Legendary magazine publisher Condé Nast became the preeminent chronicler of society from 1909 until 1942 through such major publications as Vogue, Vanity Fair, and House and Garden. Out of his belief that advertisers would pay premium rates for the most affluent readership, he pioneered the concept of the limited-circulation magazine targeted to an affluent audience. This concept revolutionized magazine publishing. As the New York Timesobserved in his obituary, "for a generation he was the man from whom millions of American women got most of their ideas, directly or indirectly, about the desirable standard of living."

Personal Life

Condé Montrose Nast was born on March 26, 1873 in New York City. His father, William Frederick Nast, was an unsuccessful speculator-inventor. His mother was Esther Ariadne Benoist Nast of St. Louis. With his father often absent, Nast, his brother, and two sisters were raised by his mother in St. Louis. Nast's paternal grandfather, Wilhelm Nast, was a leading founder of German Methodism in America and edited the leading German Methodist newspaper. It was likely from him that Nast inherited his love of publishing, as well as his systematic way of doing things. Descriptions of Nast as a child have included such traits as thoroughness and neatness. As his mother recalled, "When they were boys, he and [his brother] Louis used to cut the lawn in front of our house in St. Louis. . . . There was a path down the middle of the plot and Condé's side was always very neat, each blade of grass in scrupulous order, but Louis's was more laissez faire, uneven in spots and artistic outcroppings."

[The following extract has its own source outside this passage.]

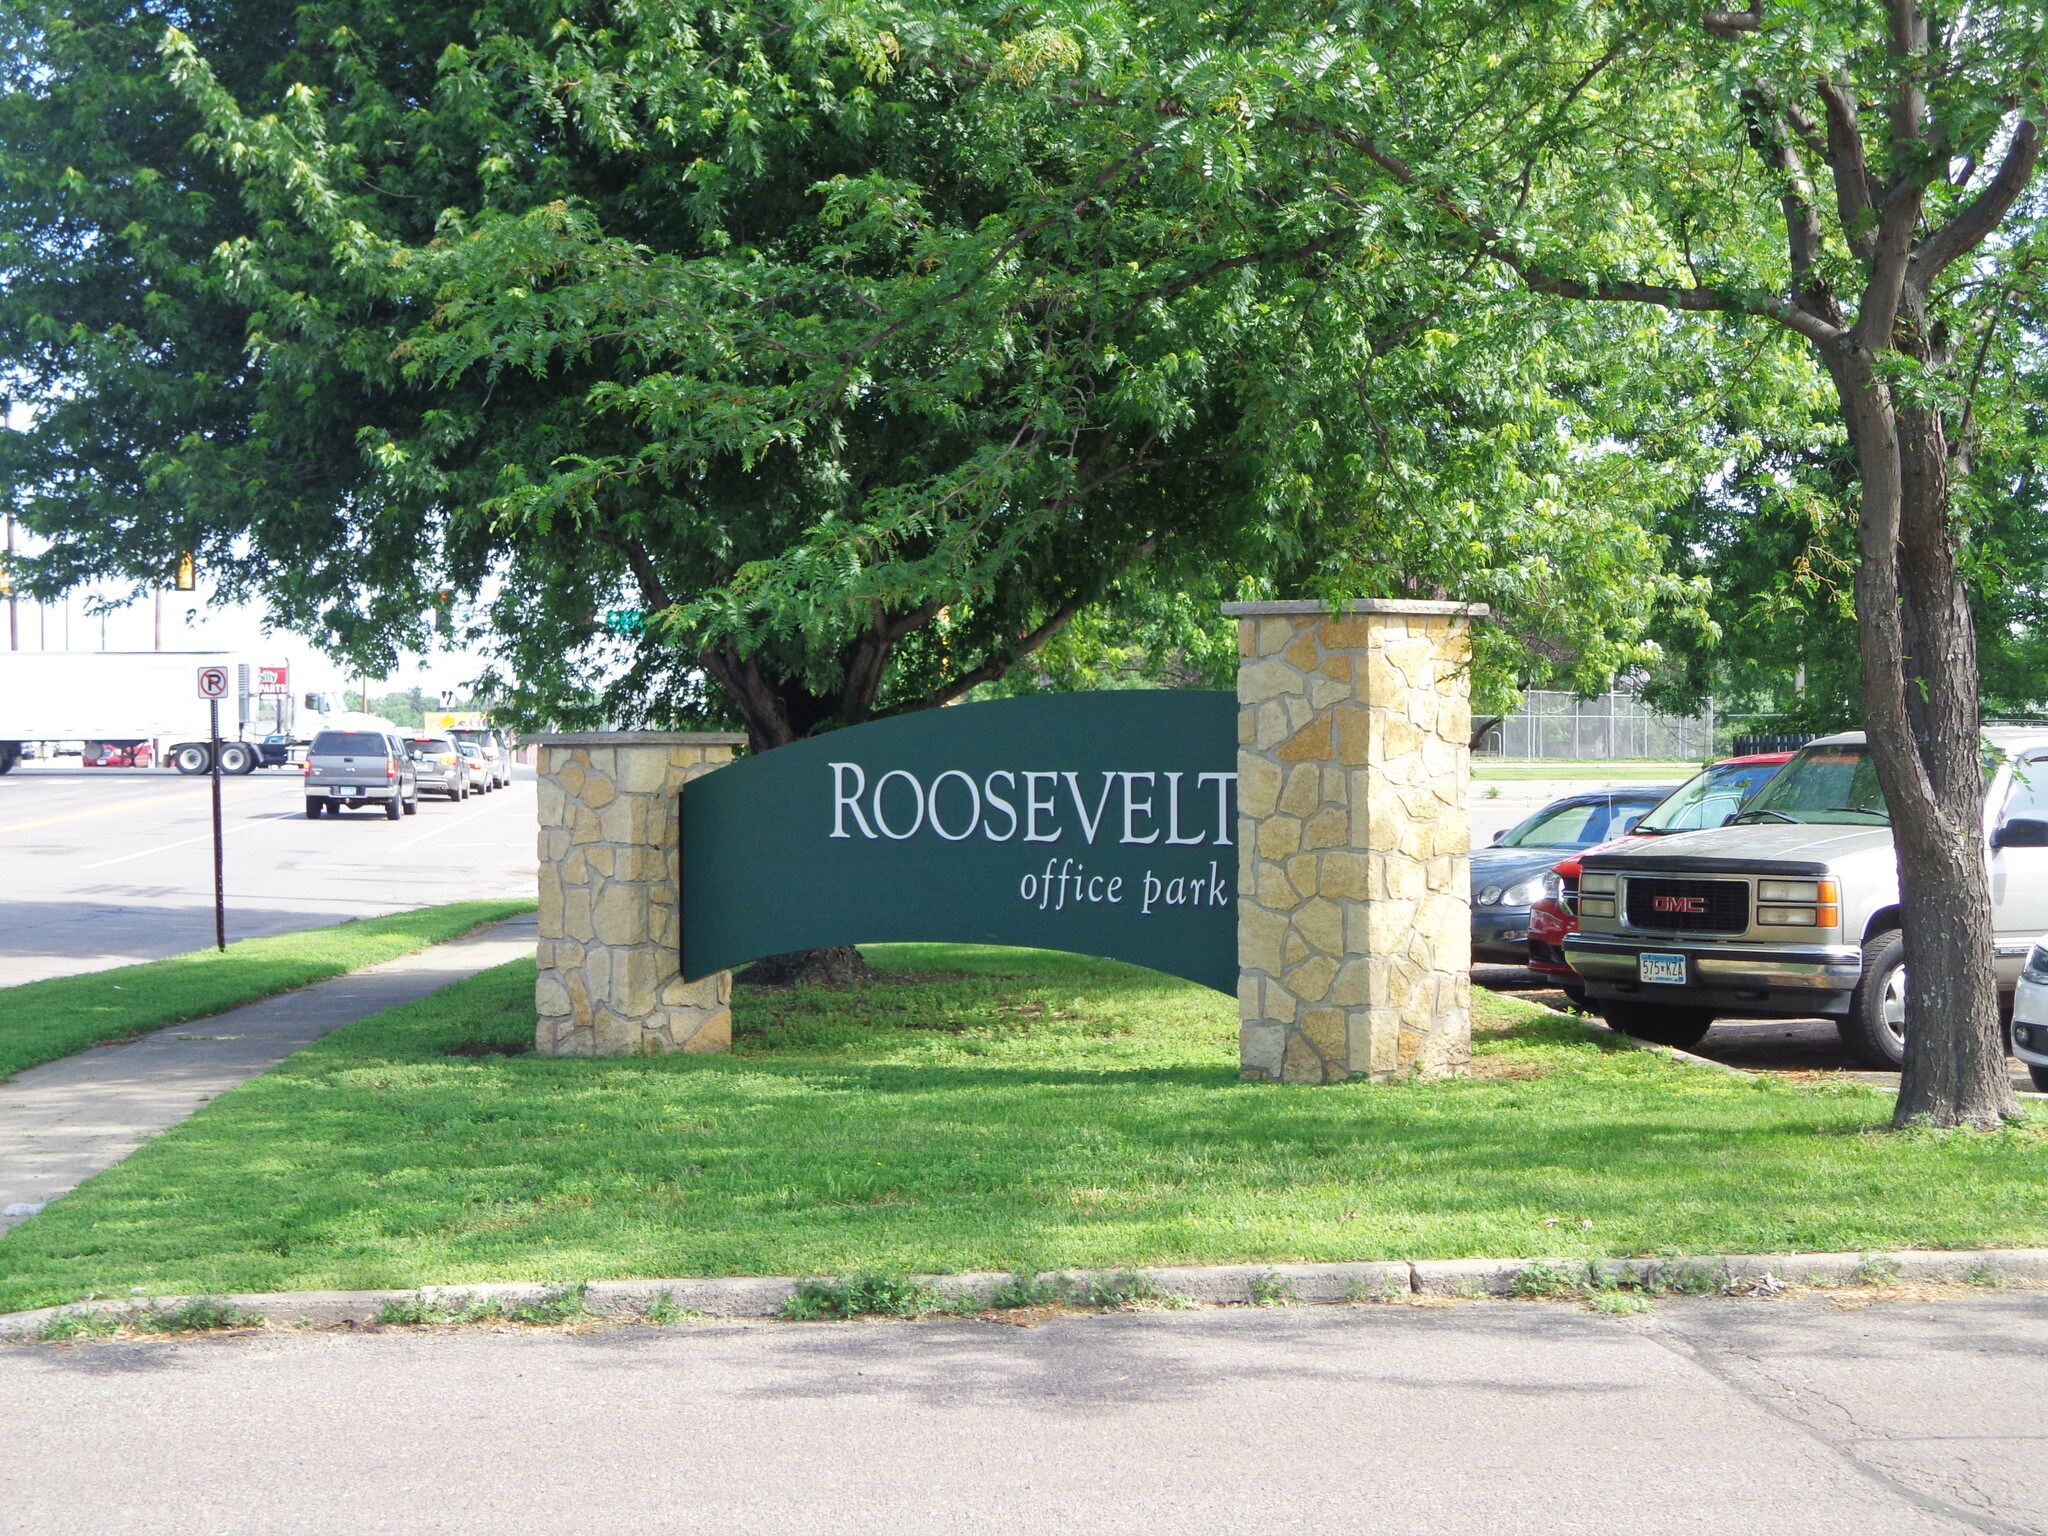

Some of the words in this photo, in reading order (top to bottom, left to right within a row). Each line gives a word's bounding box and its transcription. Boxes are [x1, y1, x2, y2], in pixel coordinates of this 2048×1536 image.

Nast convinced a wealthy aunt to finance his education at Georgetown University where he became the first student president of the athletic association in his freshman year. He met fellow student Robert Collier, whose father owned a successful publishing business in New York, an important future contact in Nast's eventual career in publishing. Nast met his first wife, Clarisse Coudert, while riding in New Jersey with Collier and they were married in 1902. They had two children, Charles Coudert and Natica. The couple divorced in 1925. In 1928 Nast remarried to Leslie Forrest who was the same age as both his daughter and his son's fiancée. In 1930, Nast's third child, Leslie, was born. In 1932, suffering from serious financial reversals and uneasy about the age difference, Nast insisted that Leslie divorce him, and she reluctantly complied.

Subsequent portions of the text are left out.